Voltei na semana em que já findava o debate sobre a tal Lei das Palmadas, que vem para tirar mais um naco do direito natural da prole de ser educada sob o fogo sagrado dos valores do seu clã - sem outra intromissão do Estado além do Código Penal e do ECA, já vigentes. O presidente Lula (pai do Lulinha) podia ter feito uma campanha para adestrar os pais a lidarem com os próprios filhos, pedir apoio à Pastoral da Criança, pais, tias, babás, sei lá, mas preferiu apelar ao direito positivo. Fazer lei é sempre mais rápido e eficiente aos propósitos de quem está no poder: equiparada a palmada ao espancamento, o pai amoroso, mas rígido, vira bandido - que é bem o que quer essa gente que foi chocada em ONGs, ou nos ditos movimentos sociais, para exercer o ofício de militante dos direitos humanos, os Marcos Rolim da vida ... Mas mal aquele debate mermou e veio nova (má) notícia de Brasília: Lula não apóia o movimento mundial contra a lapidação (morte por apedrejamento) de Sakineh Mohammadi Ashtiani, iraniana condenada por adultério (cometido depois da morte do marido, diga-se). Acha que os costumes, lá, têm que ser respeitados, e as leis daquela ditadura, reconhecidas como legítimas. (Bárbaros são os que, aqui, dão palmadas nos filhos e nas filhas!) E como o Irã é uma teocracia, onde a lei emana da religião, que dita os costumes ... azar de quem nasceu fêmea no meio dos valentes soldados de Alá! Eis o presidente que encanta 77,5% dos brasileiros (CNT/Sensus, de 05/7/2010). Inclusive àqueles ditos humanistas que lhe fazem tímidas críticas, um artiguinho aqui, outro ali, porque, no fundo, não querem atrapalhar a construção do tal outro mundo possível ...
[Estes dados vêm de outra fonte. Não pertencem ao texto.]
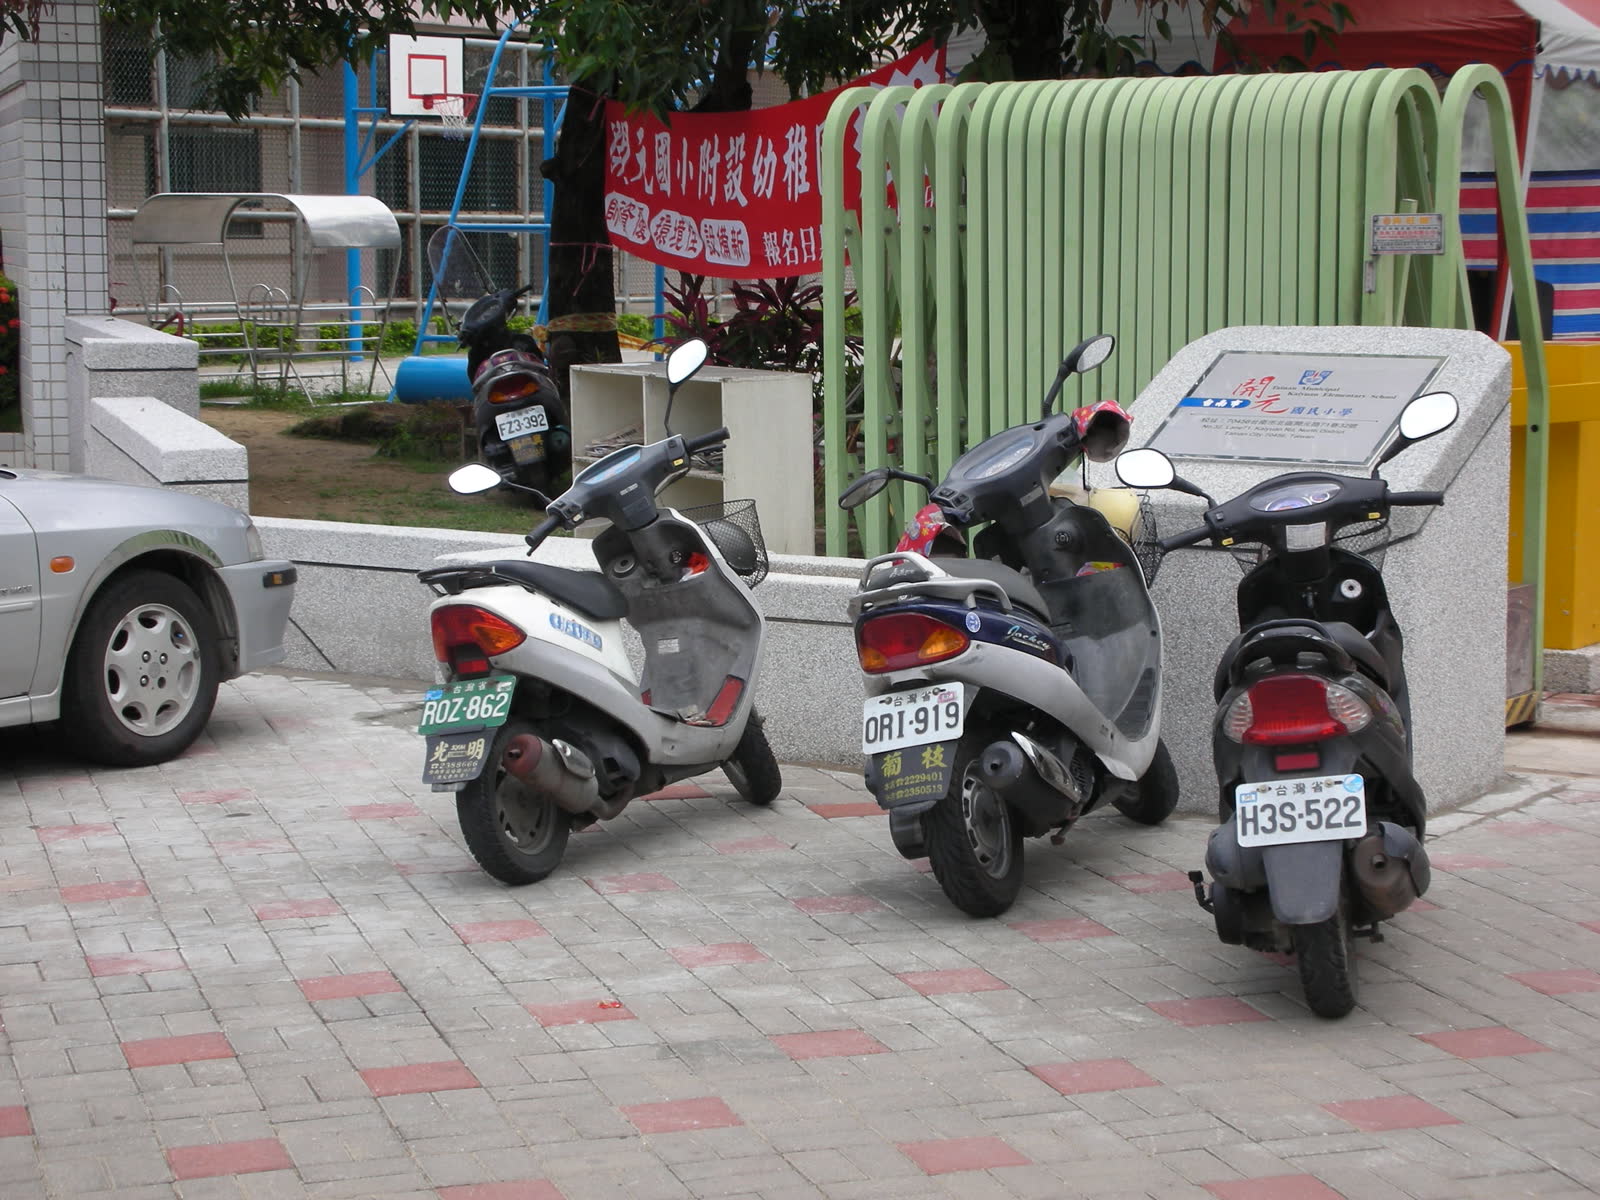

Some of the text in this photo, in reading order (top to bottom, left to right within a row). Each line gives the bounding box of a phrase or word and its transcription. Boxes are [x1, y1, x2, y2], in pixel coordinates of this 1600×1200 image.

[609, 120, 824, 207] 開元國小附設幼稚
[762, 226, 824, 267] 報名日
[1275, 781, 1324, 797] 台灣省
[1241, 796, 1362, 837] H3S-522
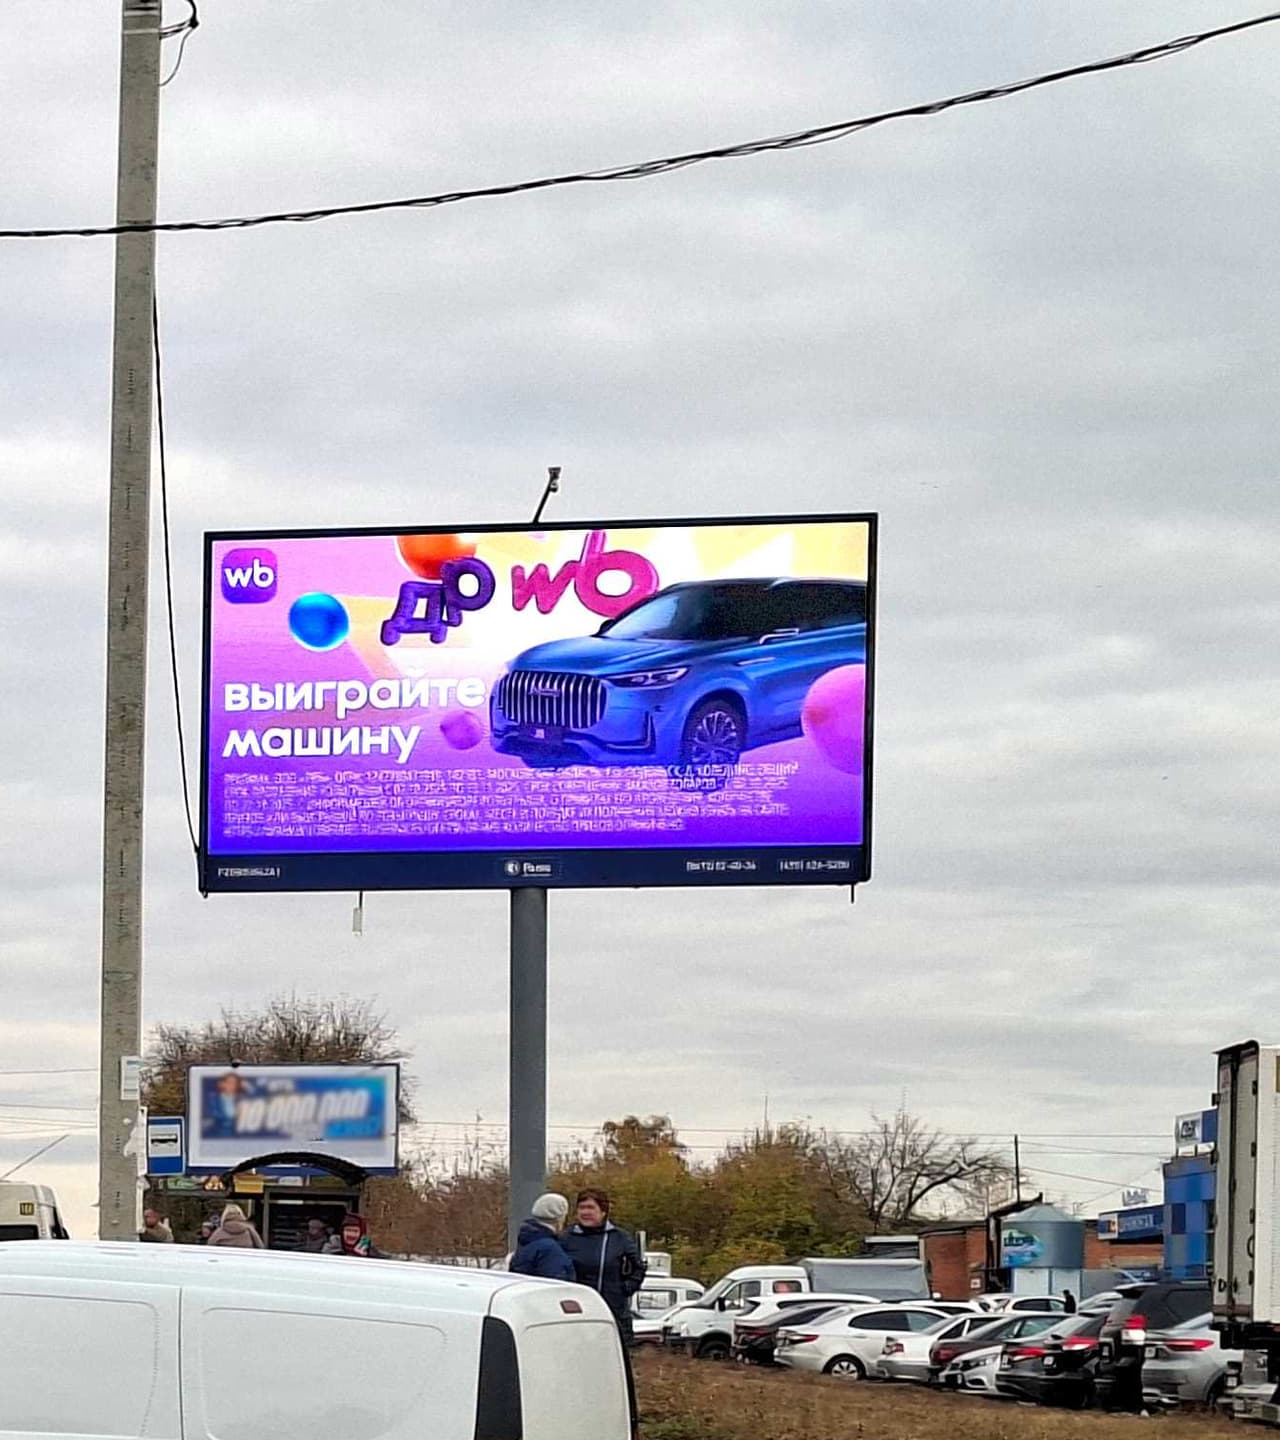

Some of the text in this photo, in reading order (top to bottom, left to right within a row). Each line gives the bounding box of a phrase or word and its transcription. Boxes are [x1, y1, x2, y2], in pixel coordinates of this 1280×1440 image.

[224, 558, 275, 588] wb
[511, 529, 659, 619] wb
[224, 669, 487, 720] выиграйте
[222, 725, 422, 764] машину
Nos próximos dias ou semanas, quando Fasride, 19 anos, e Sajjad, 22, assistirem a mãe ser rebentada pelas pedras dos aiatolás, a imprensa tupiniquim já terá esquecido do caso e estará comemorando a possível liderança de uma outra mulher, Dilma Roussef (que já achou legítimo pegar em armas contra uma tirania, e pegou), na corrida à Presidência da República. Dirão que isso é mais um sinal do amadurecimento da democracia brasileira, o sociólogo, o ex-operário e a mulher que foi guerrilheira chegaram lá ... Que Lula, tão criticado, estava certo, negócios são negócios ... E eu me juntarei aos 22,5% (não é pouca gente!) que dizem soy contra! E que concorda com o historiador Marco Antonio Villa: - Para ser respeitado, acima de interesses, um país tem que ter princípios. Aí, já primavera, voltarei àquelas media lunas, e, por uns dias, esquecerei dos companheiros ...
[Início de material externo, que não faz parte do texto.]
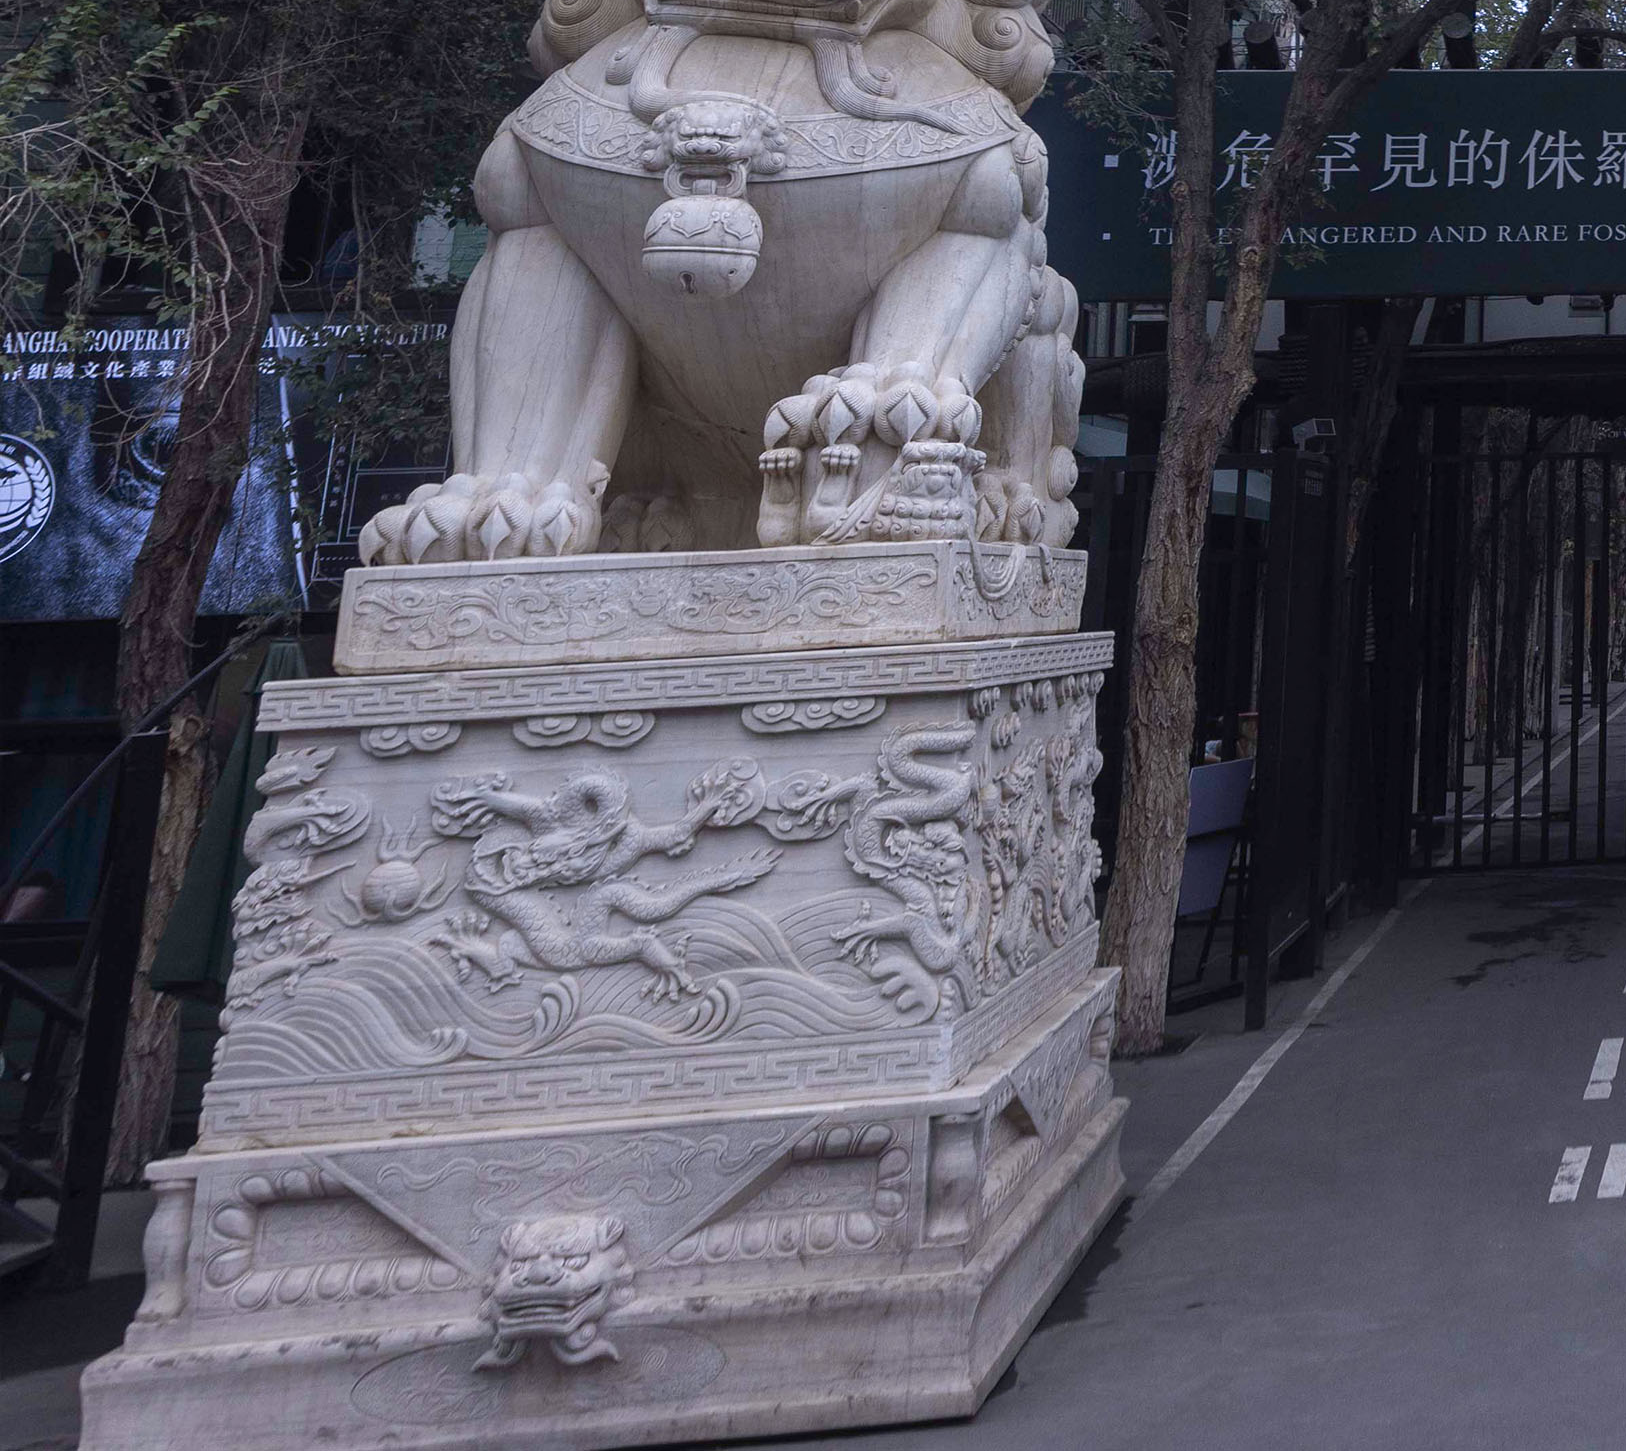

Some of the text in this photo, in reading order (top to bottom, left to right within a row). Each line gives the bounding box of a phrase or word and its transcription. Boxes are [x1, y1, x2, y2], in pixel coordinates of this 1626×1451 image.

[1218, 226, 1417, 245] EANGERED
[1427, 226, 1487, 243] AND
[1497, 225, 1569, 242] RARE
PS.: não deixem de ler o texto que vai depois do vídeo (Capacho), de Reinado Azevedo.






02/08/2010

Capacho
O título parece nome de filme iraniano? Não deixa de ser. No caso, um filme de terror que se realiza lá e uma tragicomédia que se vive aqui. No Irã, a protagonista é Sakineh Mohammadi Ashtiani (foto), acusada de adultério e condenada a morte por apedrejamento — já recebeu 99 chibatadas. No Brasil, o ator principal é Luiz Inácio Lula da Silva, capacho de ditaduras em que trogloditas de todo o mundo tentam limpar suas patas sujas de sangue em nome da autodeterminação dos povos. Há um movimento mundial em favor da libertação de Sakineh. Ao clamor mundial, Lula responde ora com estupidez, ora com chacota falsamente caridosa, que mal disfarça o endosso à tirania iraniana e, acreditem!, o apedrejamento simbólico da vítima. O presidente Luiz Inácio Lula da Silva é aprovado por quase 80% dos brasileiros? Estou me lixando pra isso. Revela-se, a cada dia, um monstro moral. Quando e se ele bater nos 100%, vocês me avisem: pretendo ser o traço estatístico a lhe dizer “NÃO!!!”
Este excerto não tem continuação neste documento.